Headlines News :
Home » » Drs Inu Kencana Safiie, M.Si, Bersuara Atas Nama Kebenaran

Drs Inu Kencana Safiie, M.Si, Bersuara Atas Nama Kebenaran

Written By ansel-boto.blogspot.com on Thursday, July 19, 2007 | 10:19 AM

Ia membuka sejumlah kasus di IPDN Jatinangor, Jawa Barat, yang selama ini tertutup rapat. Tapi, ia malah dituding mencari popularitas, jabatan, uang bahkan sensasi. “Semua itu saya lakukan atas nama kebenaran,” katanya.

Nama Inu Kencana Safiie melangit setelah dua kasus kekerasan yang mengakibatkan dua praja di Institut Pemerintahan Dalam Negeri (IPDN) Jatinangor, tewas.

Pertama, ia membongkar kasus kekerasan yang mengakibatkan praja Wahyu Hidayat tewas pada September 2003. Kemudian, kasus kekerasan yang mengakibatkan Cliff Muntu, praja asal Manado, Sulawesi Utara meregang nyawa pada April 2007.

Kasus terakhir, malah menggegerkan masyarakat Indonesia. Presiden Susilo Bambang Yudhoyono (SBY) akhirnya turun tangan. Sebuah tim yang dipimpin Prof Dr Ryaas Rasyid diterjunkan guna mengusut kasus itu. Juga mengevaluasi keberadaan lembaga pendidikan pencetak calon birokrat itu.

Sebenarnya, tidak hanya kasus kekerasan yang dipraktekkan praja senior kepada para yuniornya di kampus itu. Malah, ada berbagai praktek haram yang ditengarai terjadi di kampus itu terbungkus rapi dan tak pernah terkuak.

Nah, demi mencari kebenaran sejati, Inu membongkarnya melalui IPDN Undercover: Sebuah Kesaksian Bernurani. Buku yang merupakan biografinya itu membuat banyak pihak, terutama lingkungan internal kampus, merasa keberatan. Protes pun bermunculan, terutama praja wanita yang merasa dilecehkan Inu, dosennya sendiri.
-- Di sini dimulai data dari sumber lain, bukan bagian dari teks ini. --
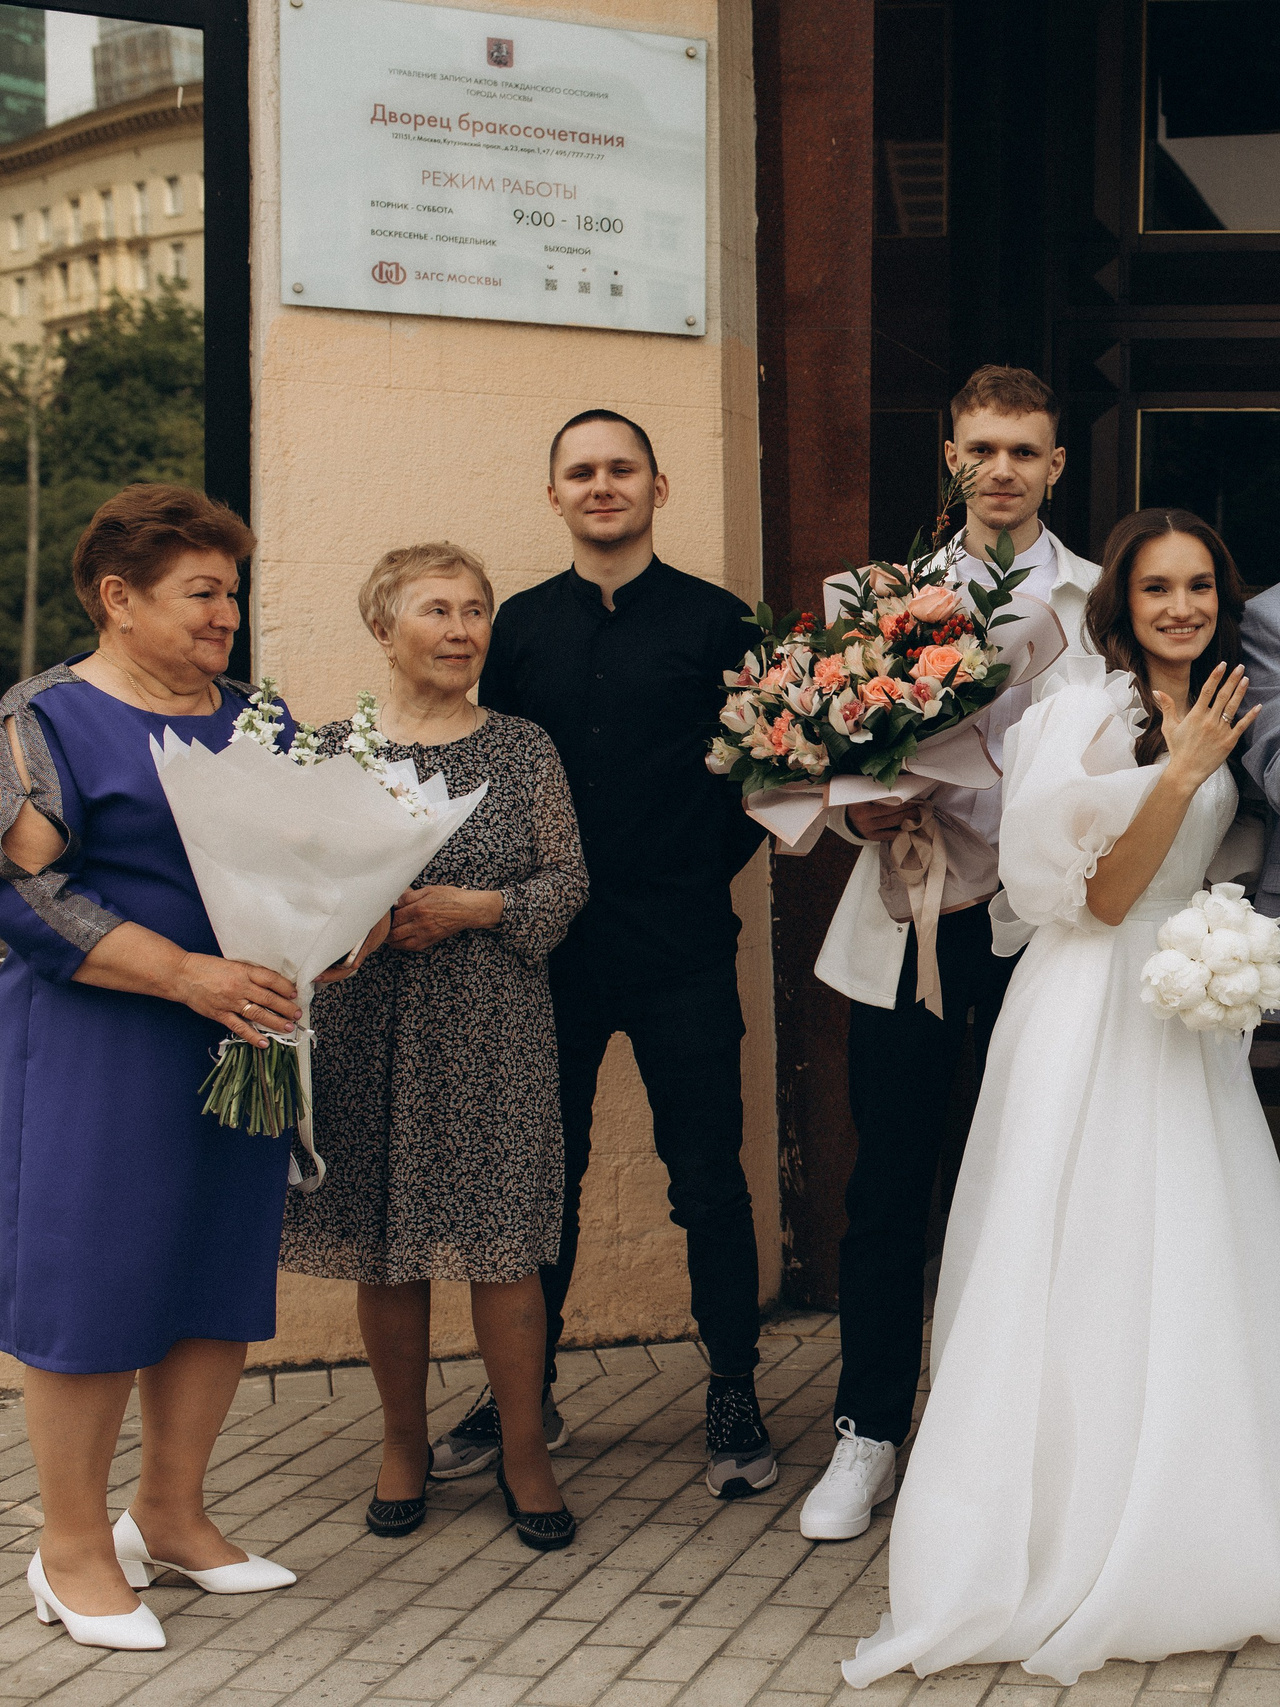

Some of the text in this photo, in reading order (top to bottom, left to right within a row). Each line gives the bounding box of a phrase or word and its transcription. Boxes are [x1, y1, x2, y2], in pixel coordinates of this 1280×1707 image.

[388, 68, 609, 99] УПРАВЛЕНИЕ ЗАПИСИ АКТОВ ГРАЖДАНСКОГО СОСТОЯНИЯ
[466, 88, 533, 102] ГОРОДА МОСКВЫ
[370, 103, 625, 148] Дворец бракосочетания
[421, 170, 577, 200] РЕЖИМ РАБОТЫ
[370, 200, 409, 211] ВТОРНИК
[416, 203, 454, 215] СУББОТА
[513, 208, 555, 228] 9:00
[576, 214, 624, 234] 18:00
[370, 228, 429, 241] ВОСКРЕСЕНЬЕ
[435, 234, 497, 247] ПОНЕДЕЛЬНИК
[543, 244, 591, 255] ВЫХОДНОЙ
[414, 270, 502, 287] ЗАГС МОСКВЫ
“Dalam buku yang saya tulis itu, saya ingin mencari kebenaran. Setelah ibu dan ayah saya meninggal, hidup saya sangat miskin. Nah, rupanya kebenaran itu Tuhan. Maka ketika terjadi ketidakadilan, ternyata mereka sedang menginjak-injak ayat-ayat kebenaran. Mereka sedang menginjak-injak ayat-ayat Tuhan. Saya ingin menyampaikan bahwa inilah kebenaran yang hakiki,” ujar Inu Kencana kepada penulis di Hotel Aston Atrium Senen, Jakarta Pusat belum lama ini.

Tak Boleh Ditutupi

Dosen yang kalem ini juga mengaku kejujuran menjadi sangat penting sekalipun kadang nyawa jadi taruhan. Tapi, ia yakin kebenaran itu Tuhan. Setiap agama mengajarkan tentang kebenaran.
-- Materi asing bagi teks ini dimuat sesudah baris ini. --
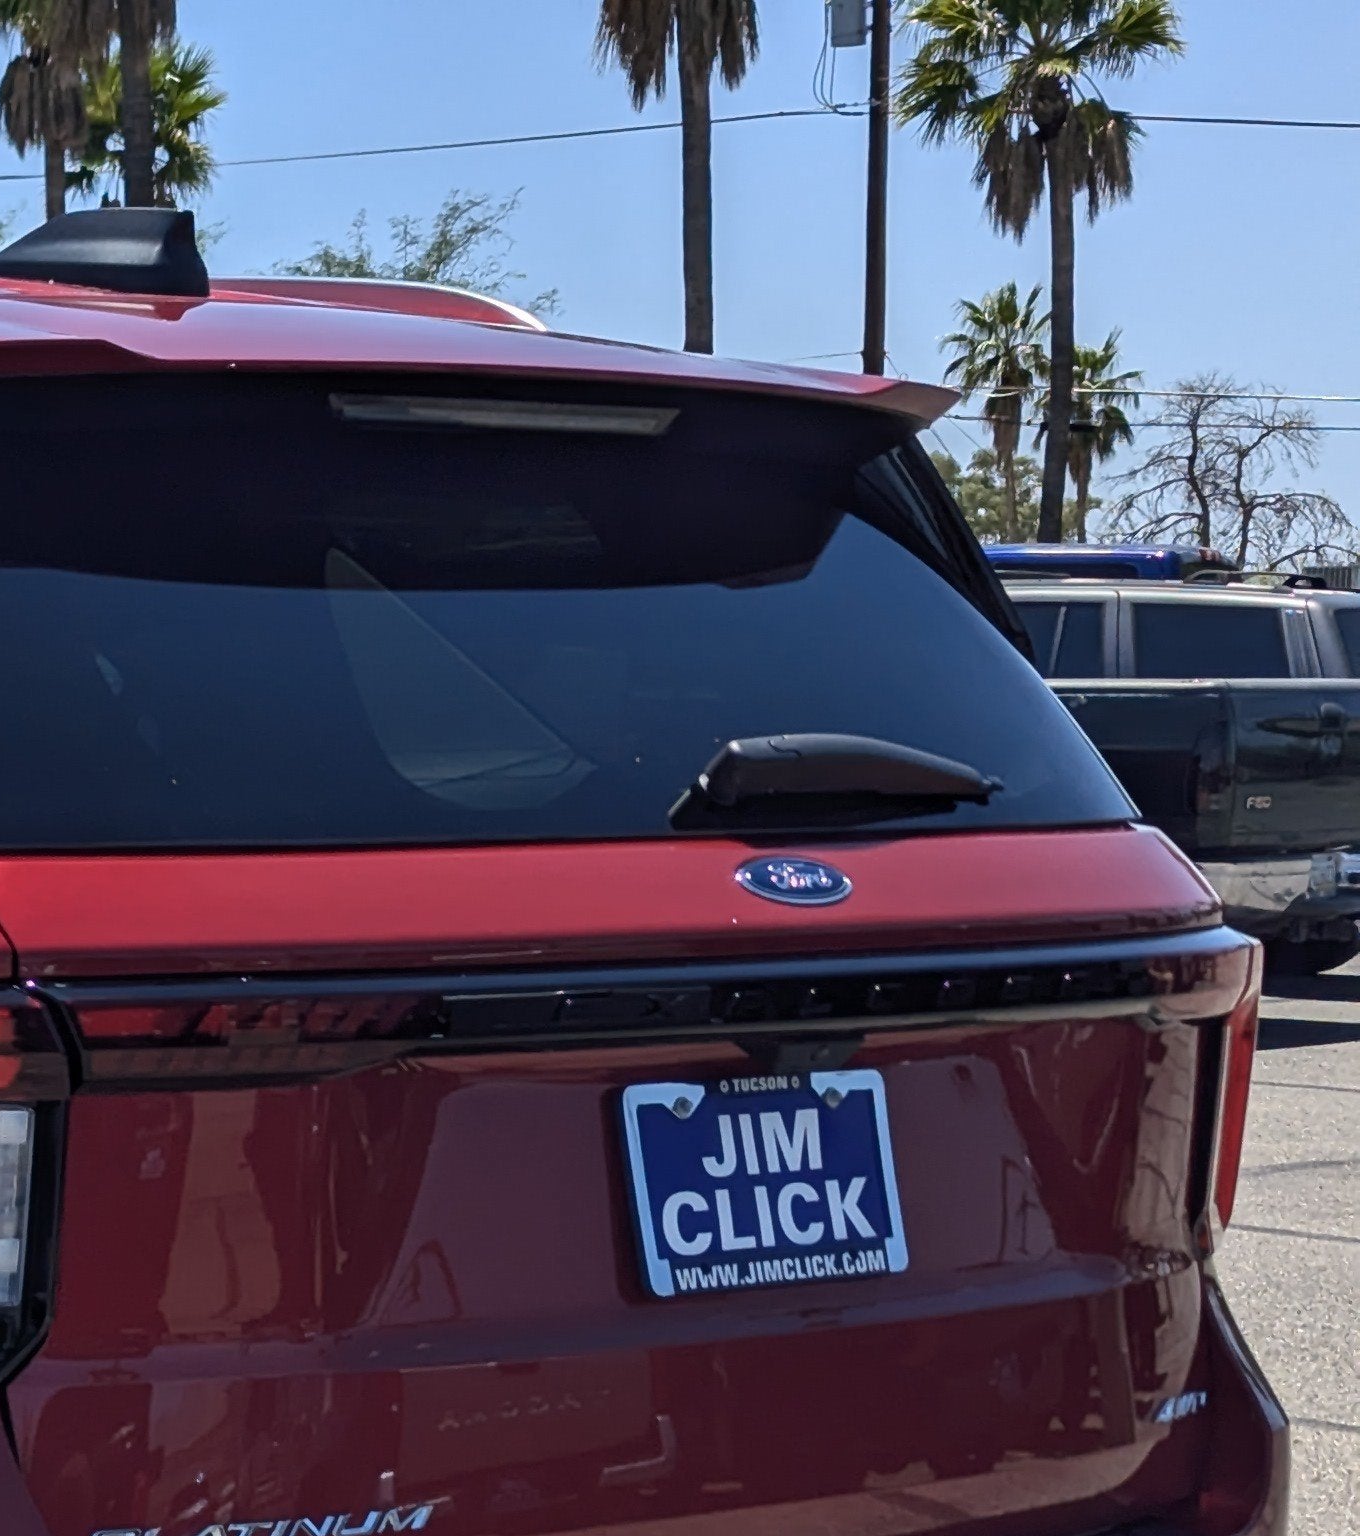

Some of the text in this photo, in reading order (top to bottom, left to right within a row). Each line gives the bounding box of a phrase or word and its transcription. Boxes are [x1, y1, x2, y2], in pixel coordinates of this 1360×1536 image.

[732, 1075, 789, 1093] TUCSON
[702, 1107, 823, 1178] JIM
[662, 1176, 877, 1256] CLICK
“Sebuah ayat dari Alkitab sangat bagus. ‘Akulah jalan, kebenaran, dan hidup.’ Itu yang sangat penting tapi justru saat ini kebenaran sedang diinjak-injak. Padahal, menurut saya informasi itu tidak boleh tertutup. Kecuali memang rahasia negara. Justru ada yang menuding saya telah membuka aib. Ini bukan masuk kategori rahasia negara,” tegasnya.

Inu memberikan ilustrasi sederhana. Kalau anak seseorang cacat kemudian ia sampaikan kepada orang lain maka itu aib. Namun, jika ada penjahat yang hendak memperkosa anak seseorang kemudian penjahat itu ditangkap dan digelandang ke polisi maka itu kebenaran.
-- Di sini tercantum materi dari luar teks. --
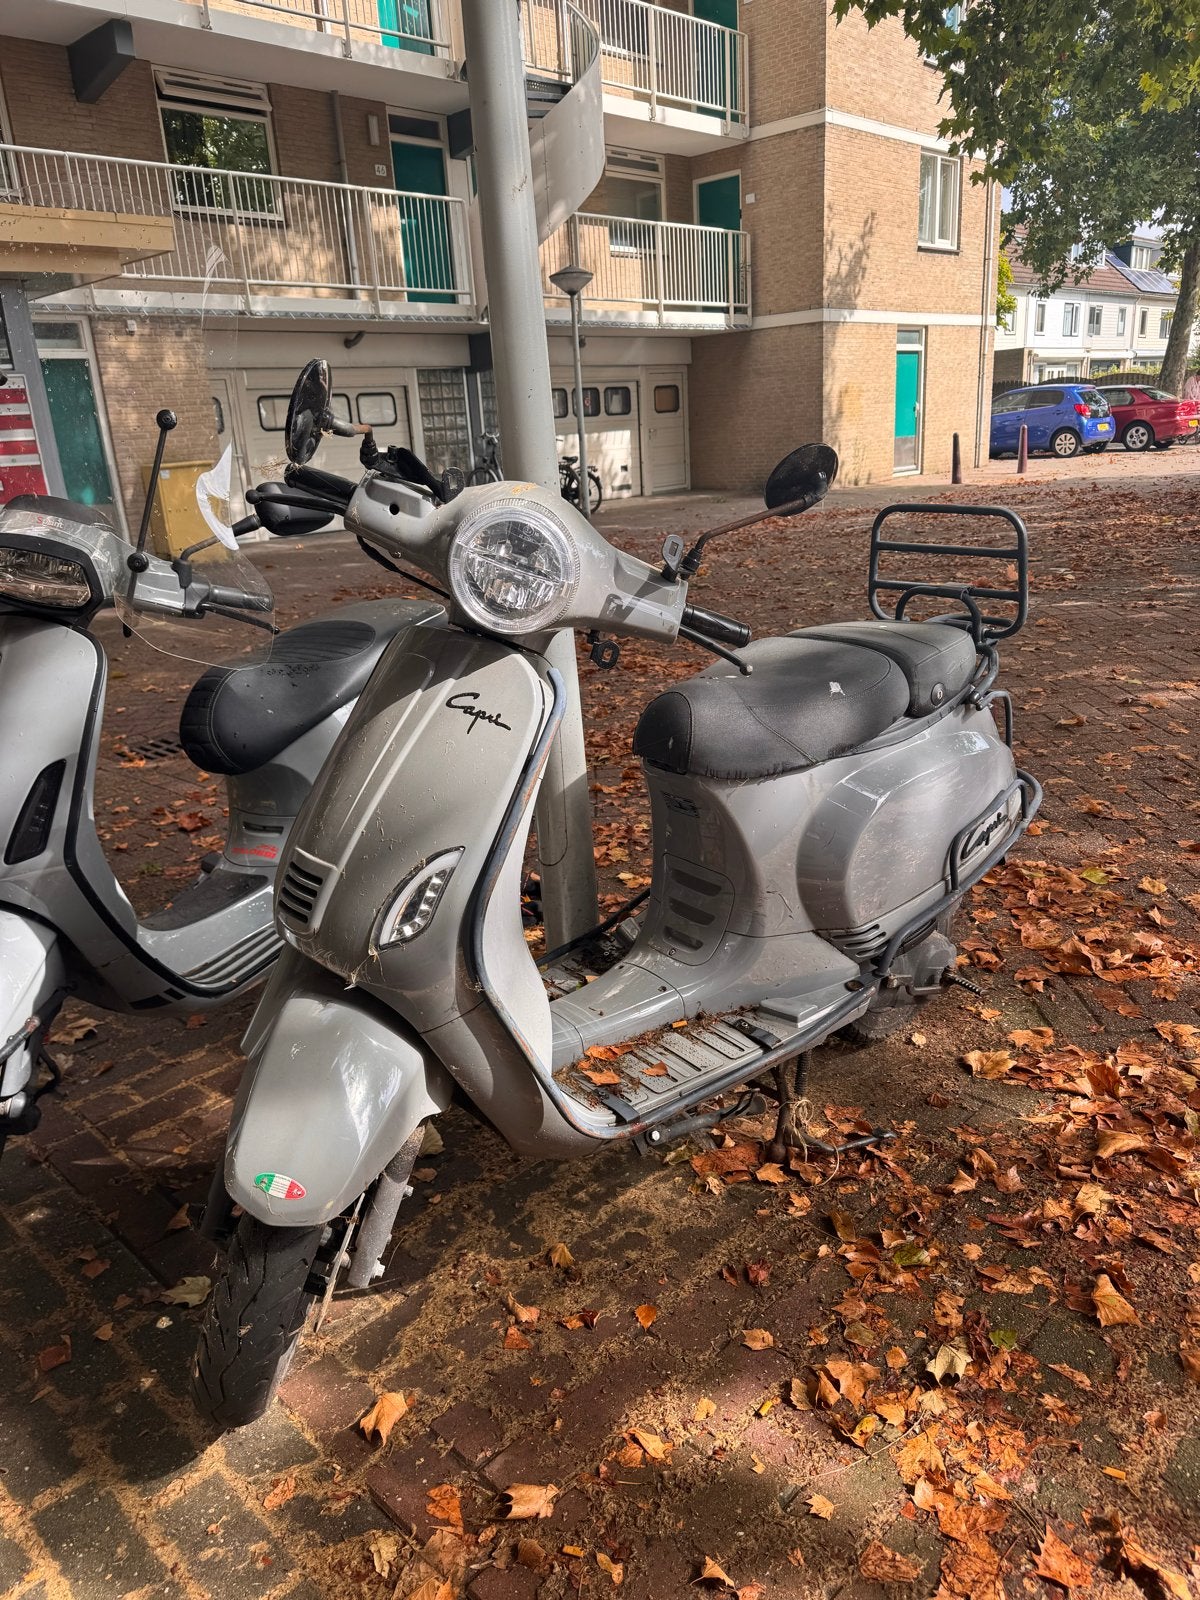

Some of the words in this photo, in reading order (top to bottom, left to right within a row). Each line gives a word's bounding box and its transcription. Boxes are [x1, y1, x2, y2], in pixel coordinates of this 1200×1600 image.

[376, 165, 386, 175] 46
[446, 692, 512, 735] Capri
[960, 811, 1008, 860] Capri
Tapi, langkahnya menguak praktek kekerasan, narkoba, seks bebas dan lain-lain yang terjadi di kampus itu dianggap “kontraproduktif”. “Memang terlihat seperti itu karena cara berpikir orang hanya uang. Masak kejahatan itu ditutup-tutupi lalu dapat uang? Itu nggak benar, dong. Pembunuhan Wahyu Hidayat itu Rp. 300 juta. Tapi, orang mengatakan tidak ada buktinya. Ya, memang karena tidak ada kwitansinya, dong! Bisa dibayangkan orang yang membunuh Wahyu Hidayat itu bisa lulus,” katanya menegaskan.

Lapor Presiden

Tak tahan dengan upaya menutup-nutupi kasus itu, Inu melaporkan kepada Presiden Susilo Bambang Yudhoyono melalui juru bicara kepresidenan, Dr. Andi Alfian Mallarangeng. Andi mempersilahkan Inu membongkarnya jika memang kejadiannya seperti itu.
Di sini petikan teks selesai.